"""

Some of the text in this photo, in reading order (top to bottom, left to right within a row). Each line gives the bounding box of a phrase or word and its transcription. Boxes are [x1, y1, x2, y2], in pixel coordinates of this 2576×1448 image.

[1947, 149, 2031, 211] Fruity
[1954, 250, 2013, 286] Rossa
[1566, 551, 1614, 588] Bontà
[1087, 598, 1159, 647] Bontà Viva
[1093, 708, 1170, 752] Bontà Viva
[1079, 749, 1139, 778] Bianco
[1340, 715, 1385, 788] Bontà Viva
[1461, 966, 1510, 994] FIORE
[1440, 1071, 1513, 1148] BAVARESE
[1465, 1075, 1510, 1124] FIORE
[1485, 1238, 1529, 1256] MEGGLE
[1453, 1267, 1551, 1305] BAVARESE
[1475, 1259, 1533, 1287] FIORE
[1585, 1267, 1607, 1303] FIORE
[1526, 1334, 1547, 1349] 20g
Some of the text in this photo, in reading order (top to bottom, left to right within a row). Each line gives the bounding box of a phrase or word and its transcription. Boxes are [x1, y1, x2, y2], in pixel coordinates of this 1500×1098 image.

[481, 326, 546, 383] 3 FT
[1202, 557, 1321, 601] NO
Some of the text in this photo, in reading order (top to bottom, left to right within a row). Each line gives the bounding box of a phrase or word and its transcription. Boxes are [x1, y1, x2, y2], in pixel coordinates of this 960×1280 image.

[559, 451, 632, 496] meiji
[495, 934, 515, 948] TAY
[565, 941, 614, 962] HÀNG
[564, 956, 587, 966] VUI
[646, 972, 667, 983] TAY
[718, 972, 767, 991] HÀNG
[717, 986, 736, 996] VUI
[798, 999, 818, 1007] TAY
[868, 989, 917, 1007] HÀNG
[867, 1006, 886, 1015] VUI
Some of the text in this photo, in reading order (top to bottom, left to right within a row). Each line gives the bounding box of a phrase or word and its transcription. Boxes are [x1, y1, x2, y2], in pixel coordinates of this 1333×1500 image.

"""

- Your goal
Take the line containing "this 1500×1098 image." and every line after it up to the last line of the listing, and output them exactly, with nothing else.

- Response area
Some of the text in this photo, in reading order (top to bottom, left to right within a row). Each line gives the bounding box of a phrase or word and its transcription. Boxes are [x1, y1, x2, y2], in pixel coordinates of this 1500×1098 image.

[481, 326, 546, 383] 3 FT
[1202, 557, 1321, 601] NO
Some of the text in this photo, in reading order (top to bottom, left to right within a row). Each line gives the bounding box of a phrase or word and its transcription. Boxes are [x1, y1, x2, y2], in pixel coordinates of this 960×1280 image.

[559, 451, 632, 496] meiji
[495, 934, 515, 948] TAY
[565, 941, 614, 962] HÀNG
[564, 956, 587, 966] VUI
[646, 972, 667, 983] TAY
[718, 972, 767, 991] HÀNG
[717, 986, 736, 996] VUI
[798, 999, 818, 1007] TAY
[868, 989, 917, 1007] HÀNG
[867, 1006, 886, 1015] VUI
Some of the text in this photo, in reading order (top to bottom, left to right within a row). Each line gives the bounding box of a phrase or word and its transcription. Boxes are [x1, y1, x2, y2], in pixel coordinates of this 1333×1500 image.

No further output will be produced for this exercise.